In almost every jurisdiction of the world, trademark authorities will check the number of classes of the Nice Classification covered by the list of goods and services of a trademark application.
But why? Because of the Nice Agreement.
The Nice Agreement (concluded June 15, 1957 at the Nice Diplomatic Conference) establishes a classification of goods and services for the purpose of registering trademarks, the Nice Classification. The 2016 - version of the 10th edition came into force on January 1, 2016. It comprises 34 classes of goods and 11 classes of services.

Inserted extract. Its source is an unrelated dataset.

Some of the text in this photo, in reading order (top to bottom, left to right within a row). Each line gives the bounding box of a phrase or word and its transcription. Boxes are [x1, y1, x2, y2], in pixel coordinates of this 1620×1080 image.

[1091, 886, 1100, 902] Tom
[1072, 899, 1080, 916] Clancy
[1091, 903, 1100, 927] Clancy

84 States are currently party to the Nice Agreement, but the trademark offices of about 65 additional States, as well as the International Bureau of WIPO, the African Intellectual Property Organization (OAPI), the African Regional Intellectual Property Organization (ARIPO), the Benelux Organisation for Intellectual Property (BOIP) and the Office for Harmonization in the Internal Market (Trade Marks and Designs) (OHIM) of the European Union (EU), also use the Classification.
Main purpose of the Nice Classification is to organize trademark application procedures and to enable the trademark authorities to calculate the fees they require for the application and registration of a trademark in the respective jurisdiction. As a matter of fact, in most countries of the world the costs of trademark application and registration will directly depend on the number of classes of the Nice Classification covered by the applied-for mark.

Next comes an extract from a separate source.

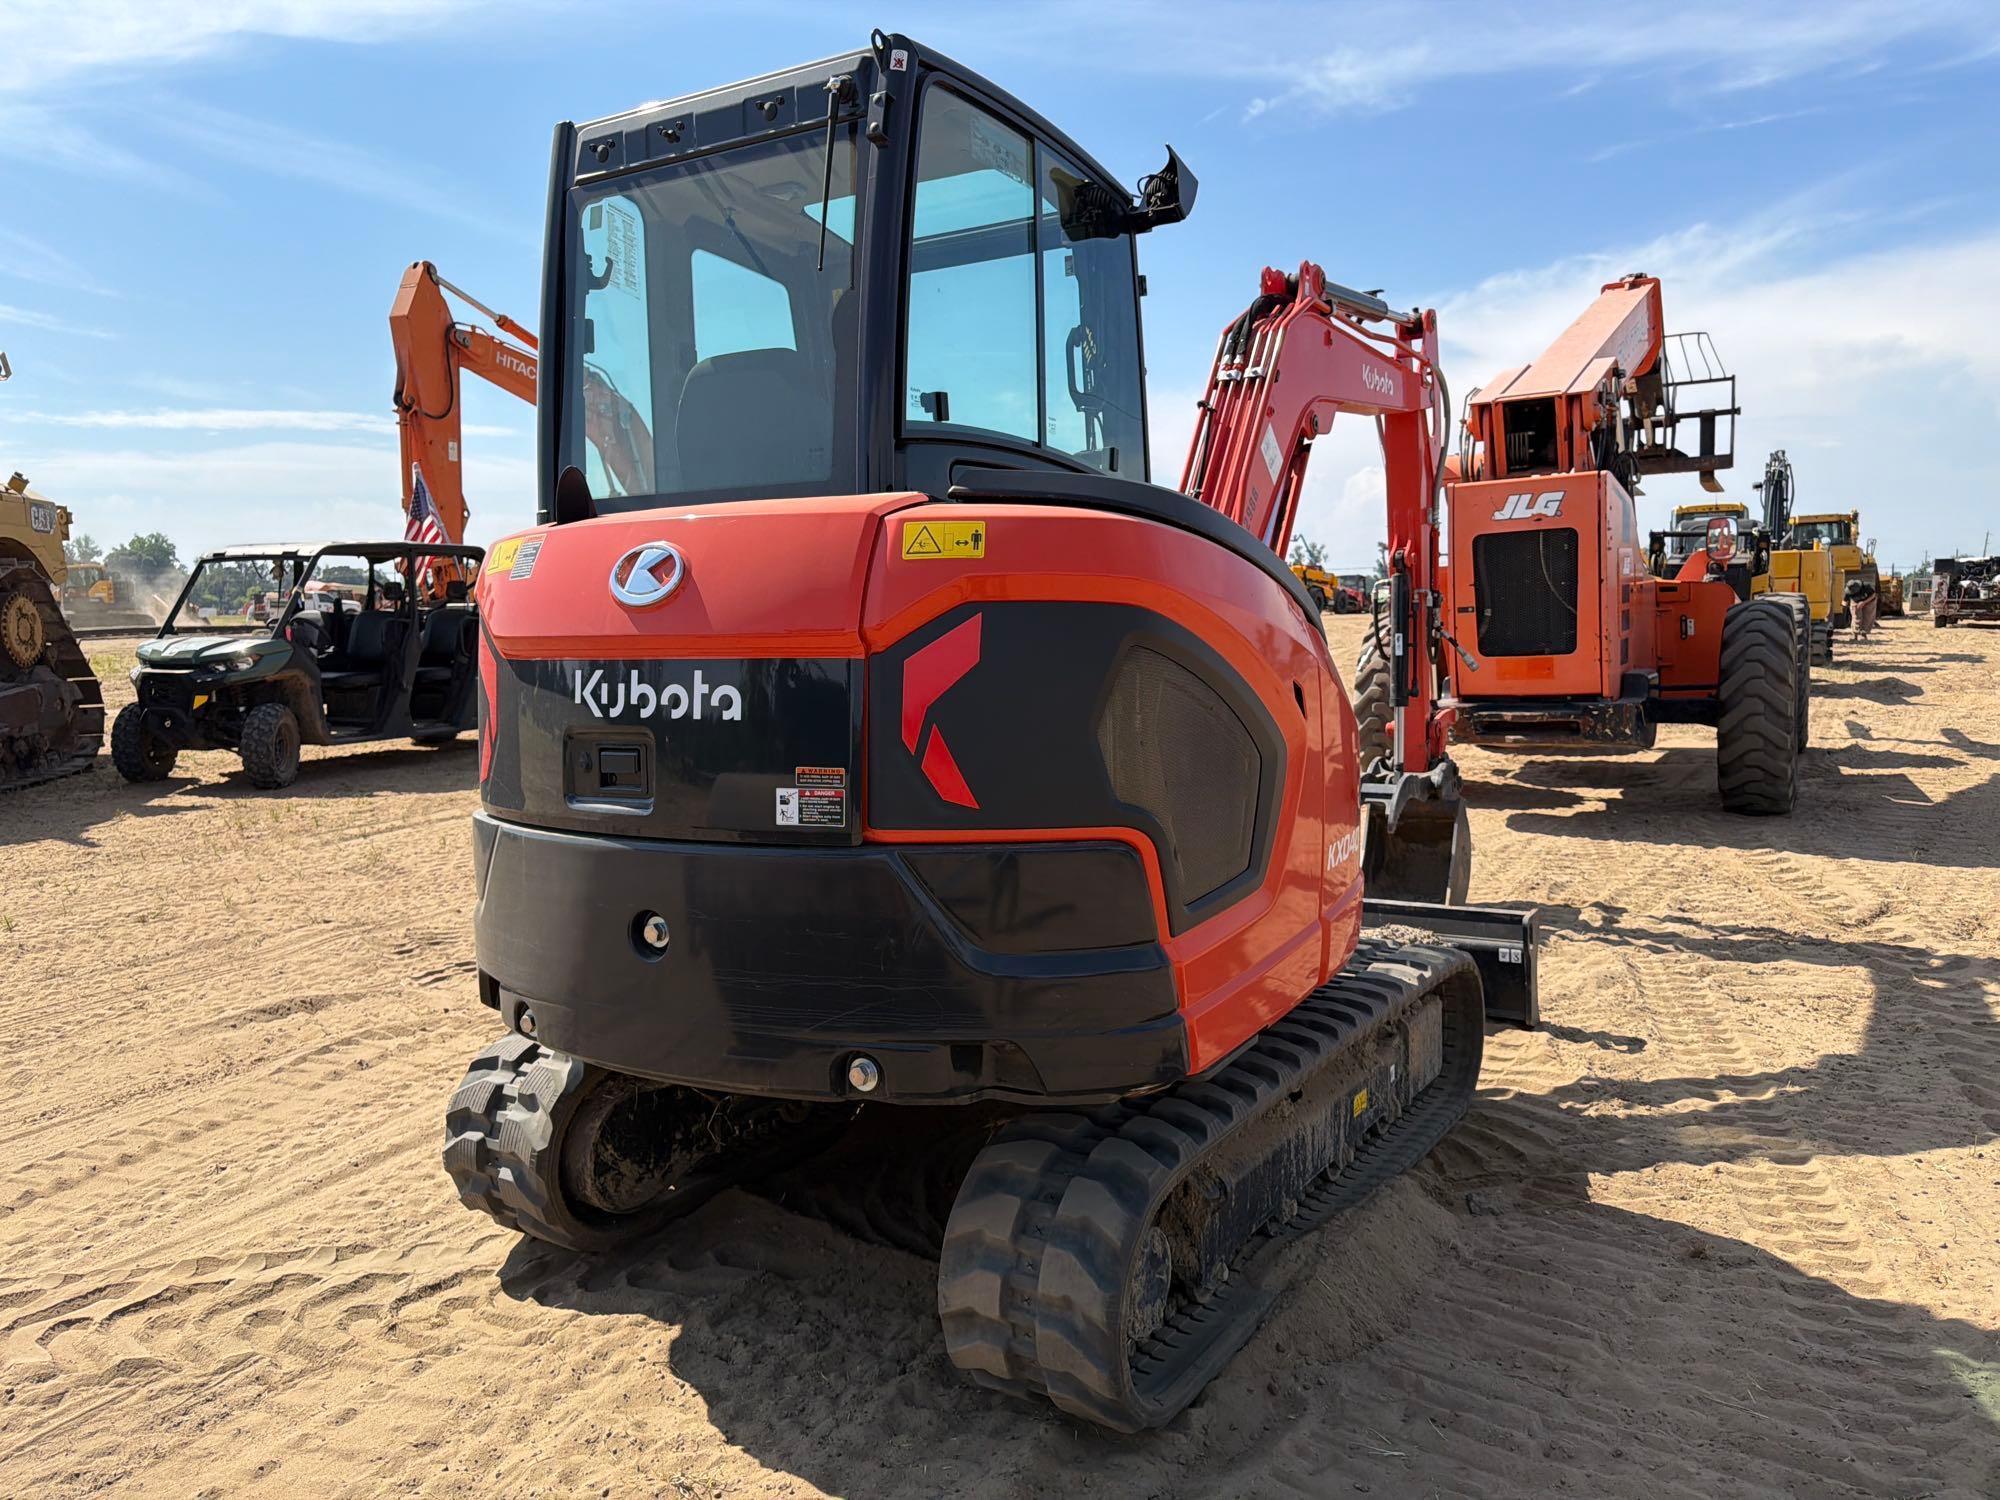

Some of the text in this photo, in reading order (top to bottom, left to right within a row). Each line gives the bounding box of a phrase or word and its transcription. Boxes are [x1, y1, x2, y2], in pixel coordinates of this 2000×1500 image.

[1362, 363, 1394, 396] Kubota
[1491, 490, 1566, 520] JLG
[574, 669, 742, 720] Kubota

Thus, when preparing a trademark application, applicant will also have to consider the classes of the Nice Classification covered by the goods or services, for which the trademark shall grant protection - and the trademark authorities will do the same during the registration process.
Of course, we will assist and advise the applicant in this regard.

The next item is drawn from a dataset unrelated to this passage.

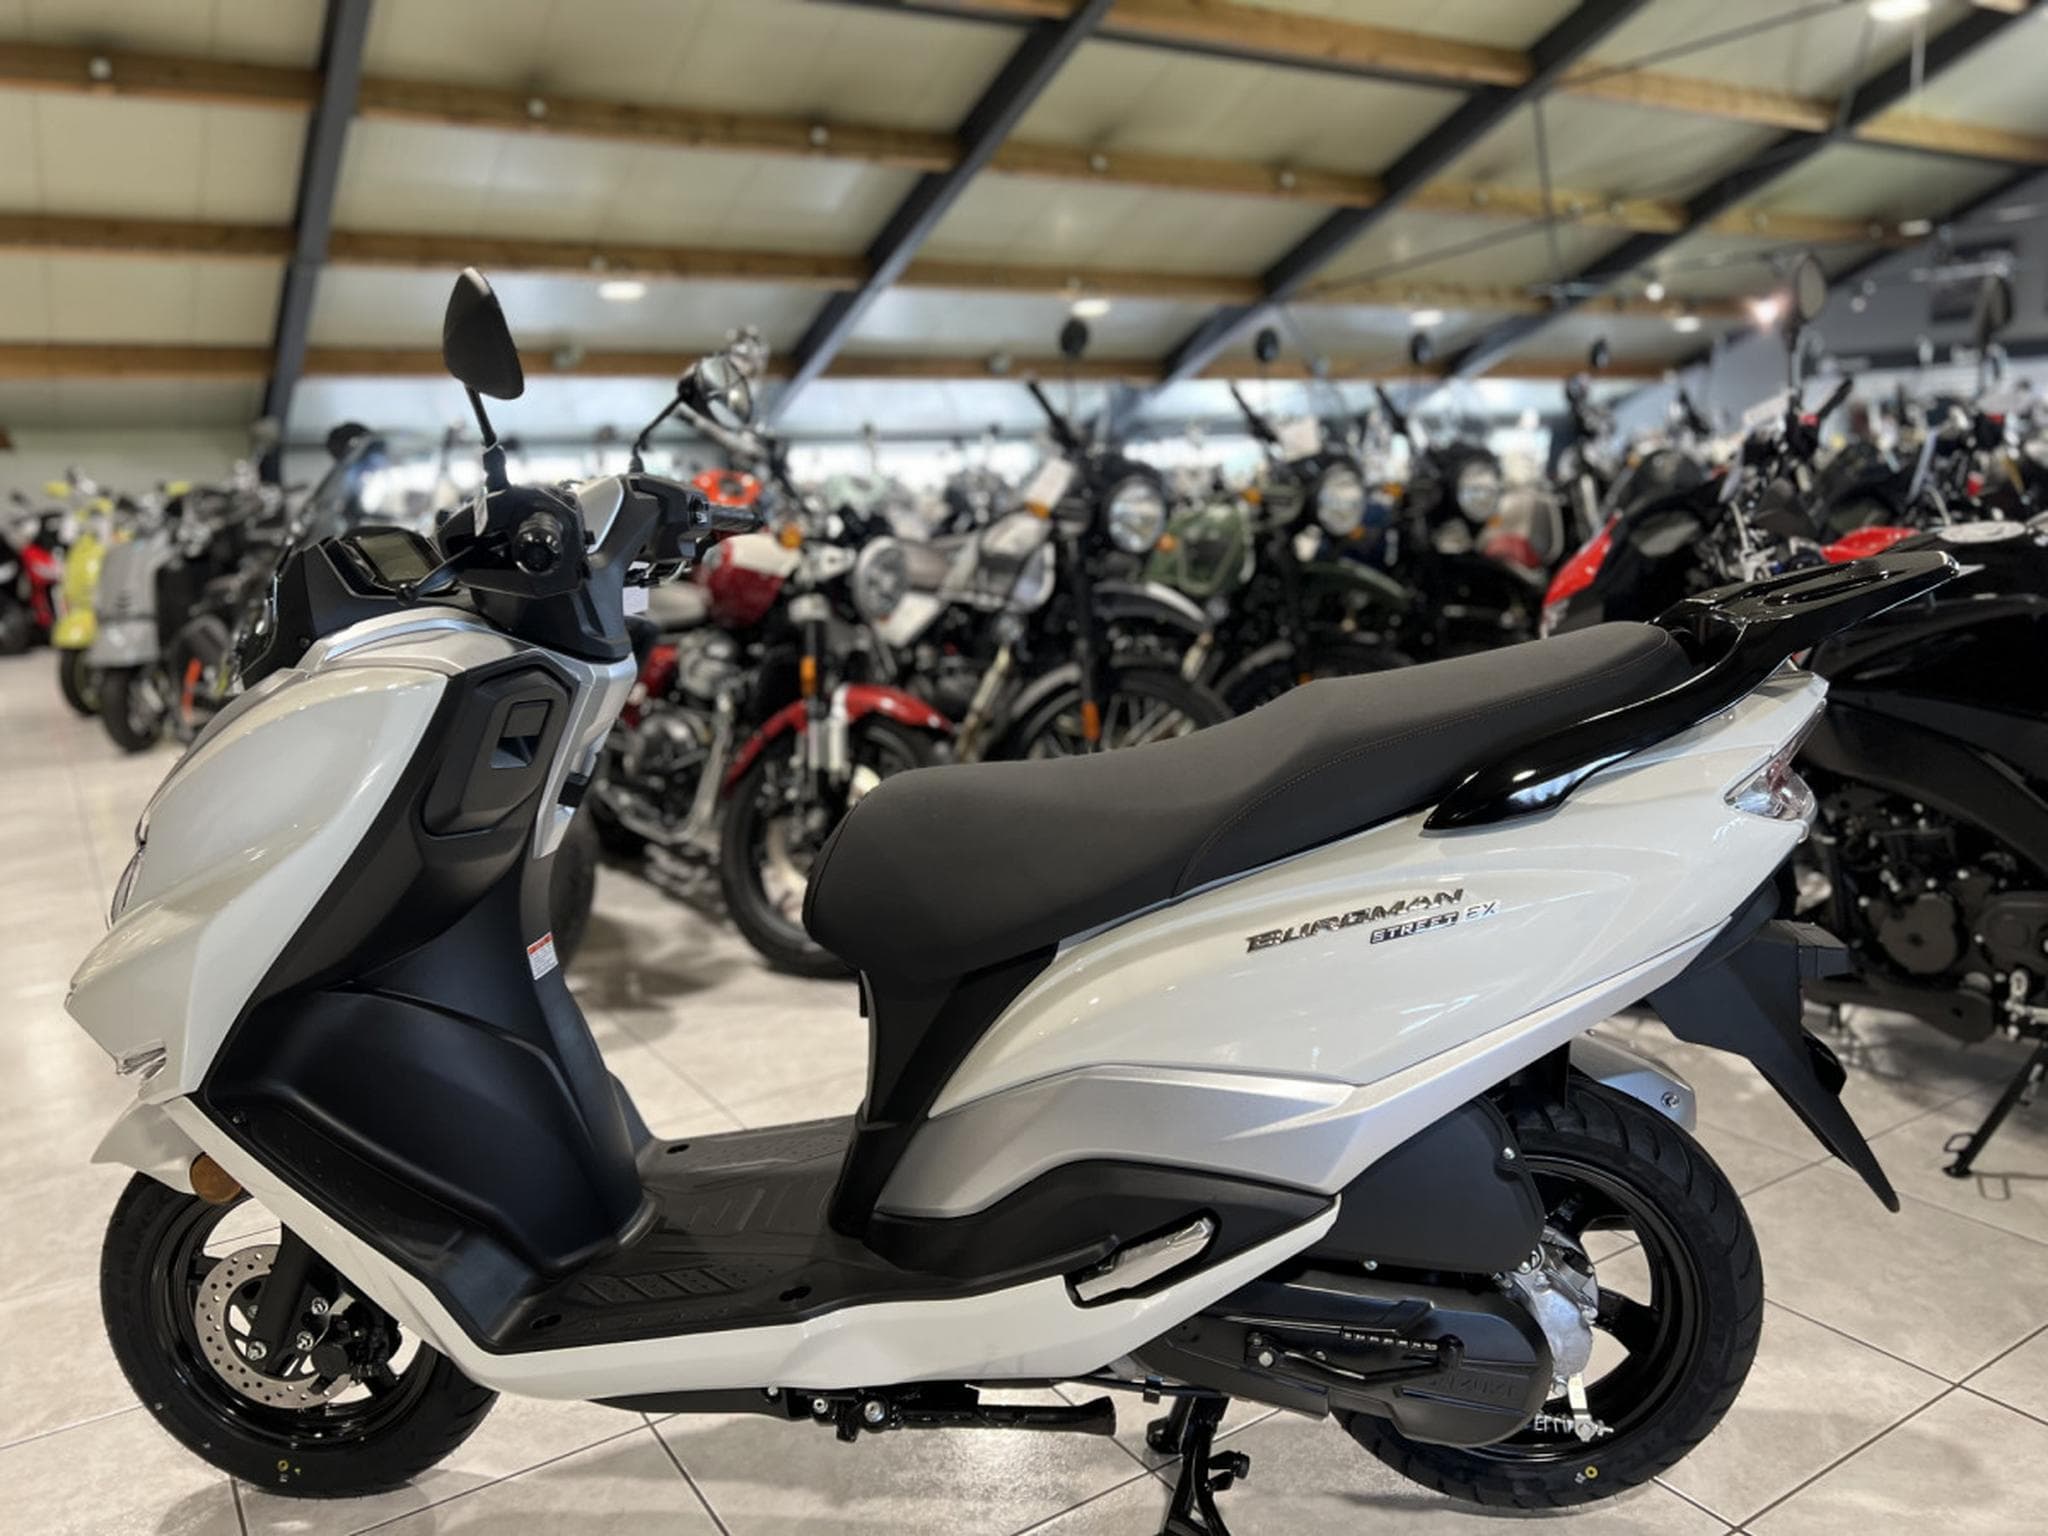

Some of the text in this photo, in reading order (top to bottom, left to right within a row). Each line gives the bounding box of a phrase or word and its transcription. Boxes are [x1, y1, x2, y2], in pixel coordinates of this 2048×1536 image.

[1247, 888, 1463, 952] BURGMAN
[1371, 901, 1498, 944] STREET EX

In addition, applicant himself may also gather some information in the internet: the online tool TMCLASS provides an easy way to learn more about the goods and services of the Nice Classification and the classes, to which they belong.
However, it is important to remember that the classes of the Nice Classification do not in any way influence the decision, whether goods and services comprised by one trademark are similar to that of another trademark. As you may already know, the owner of a trademark has the exclusive right to use said mark for the goods or services covered by the mark and may therefore bar any third party from using the same or a similar mark for the same or similar goods or services. Thus, the question whether or not goods and services are similar is of utmost importance when there is a conflict between trademarks. But the Nice Classification does not indicate nor exclude similarity: as its purpose lies in simplifying the calculation of fees and the handling of trademark applications only, there is no use to be made from the Nice Classification in trademark conflicts. The decision whether goods or services are similar will only be made on the basis of a comparison of the goods and services in question, their nature, their purpose, method of use, distribution channels etc. Thus, goods belonging to the same Nice Class may be dissimilar, whereas goods belonging to different classes may be regarded as similar or even identical.